For argument sake, if it is taken that it gives discretion, even then, one cannot lost sight of the salutary maxim ‘discretio-est discernere per legam sit justum’ means ‘discretion is to know through law what is just’. Discretion when applied to court of justice means sound discretion guided by law and it must be governed by rule and must be legal and regular. In the said circumstances, viewing the usage of the word ‘may’ in Rule 4(5) (a) of the Rules in any angle, we are of the view that to eliminate the element of arbitrariness which is antithesis to justice, it has to be held that wherever having regard to the cause and the nature of relief prayed for in an Original Application there exists a common interest in the matter, an application for joining together to file a single application shall be allowed lest it will defeat the very soul and purport of the said provision. 7. Now, we will consider the question whether in the case on hand, having regard to the cause and the nature of reliefs prayed for, as extracted above, the petitioners have a common interest in the matter. For considering that question appropriately, the meaning of ‘cause of action’ has to be looked into. The learned Senior Counsel Sri. O.V. Radhakrishnan brought to our attention the decision of the Hon’ble Apex Court in A.B.C. Laminart Private Limited v. AP. Agencies Salem reported [ (1989) 2 SCC 163 ] and Indian Performing Rights Society Ltd. v. Sanjay Dalia [ (2015) 10 SCC 161 ]. Paragraph 12 in A.B.C. Laminart’s case reads as hereunder:- “A cause of action means every fact, which, if traversed, it would be necessary for the plaintiff to prove in order to support his right to a judgment of the Court. In other words, it is a bundle of facts which taken with the law applicable to them gives the plaintiff a right to relief against the defendant. It must include some act done by the defendant since in the absence of such an act no cause of action can possibly accrue. It is not limited to the actual infringement of the right sued on but includes all the material facts on which it is founded.

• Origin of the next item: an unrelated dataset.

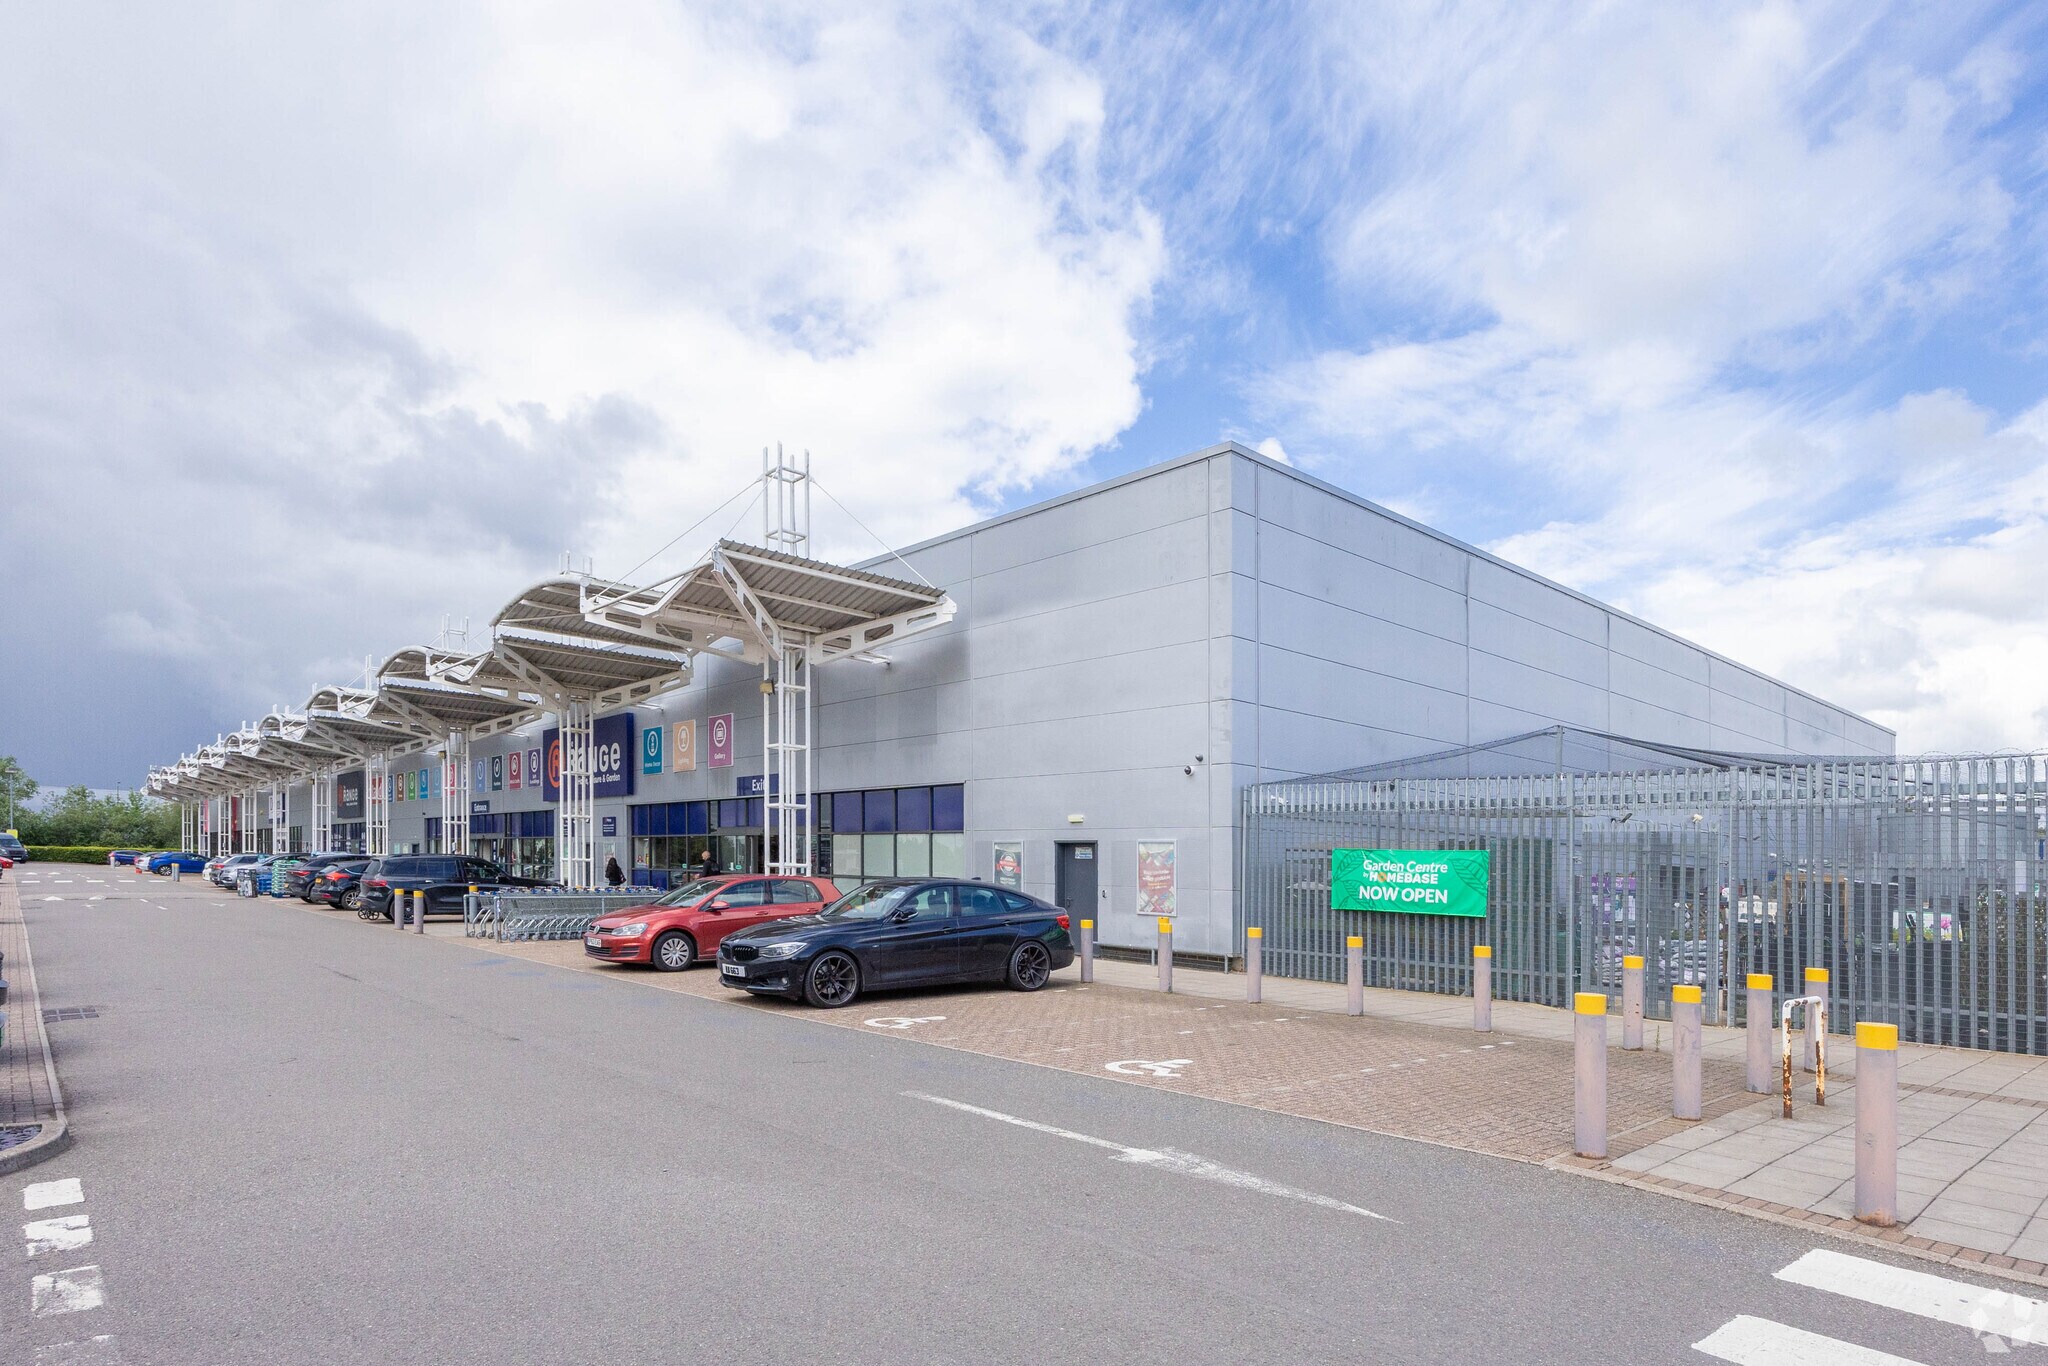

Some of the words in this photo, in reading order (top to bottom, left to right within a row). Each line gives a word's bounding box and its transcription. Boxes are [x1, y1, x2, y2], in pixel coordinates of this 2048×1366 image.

It must include some act done by the defendant since in the absence of such an act no cause of action can possibly accrue. It is not limited to the actual infringement of the right sued on but includes all the material facts on which it is founded. It does not comprise evidence necessary to prove such facts, but every fact necessary for the plaintiff to prove to enable him to obtain a decree. Everything which if not proved would give the defendant a right to immediate judgment must be part of the cause of action. But it has no relation whatever to the defence which may be set up by the defendant nor does it depend upon the character of the relief prayed for by the plaintiff.” Regarding cause of action, it was held in Indian Performing Rights Society’s case thus:- “Accrual of cause of action is a sine qua non for a suit to be filed. Cause of action is a bundle of facts which is required to be proved to grant relief to the Plaintiff. Cause of action not only refers to the infringement but also the material facts on which right is founded. Section 20 of the Code of Civil Procedure recognises the territorial jurisdiction of the courts inter alia where the cause of action wholly or in part arises. It has to be decided in each case whether cause of action wholly or in part arises at a particular place. As held by this Court in Rajasthan High Court Advocates Association v. Union of India and Ors. [ : AIR 2001 SC 416 ]. Thus, a Plaintiff can also file a suit where the cause of action wholly or in part arises.” 8. From the decisions referred (supra), it is evident that a cause of action is a bundle of facts which taken with law applicable gives a right to relief to the plaintiff. The bundle of facts narrated explicitly in Ext.P1 Original Application regarding the service particulars, regarding the provisions applicable to financial up-gradations, regarding the claims of the petitioners and their contentions regarding entitlement, are necessarily to be proved by them to obtain a relief.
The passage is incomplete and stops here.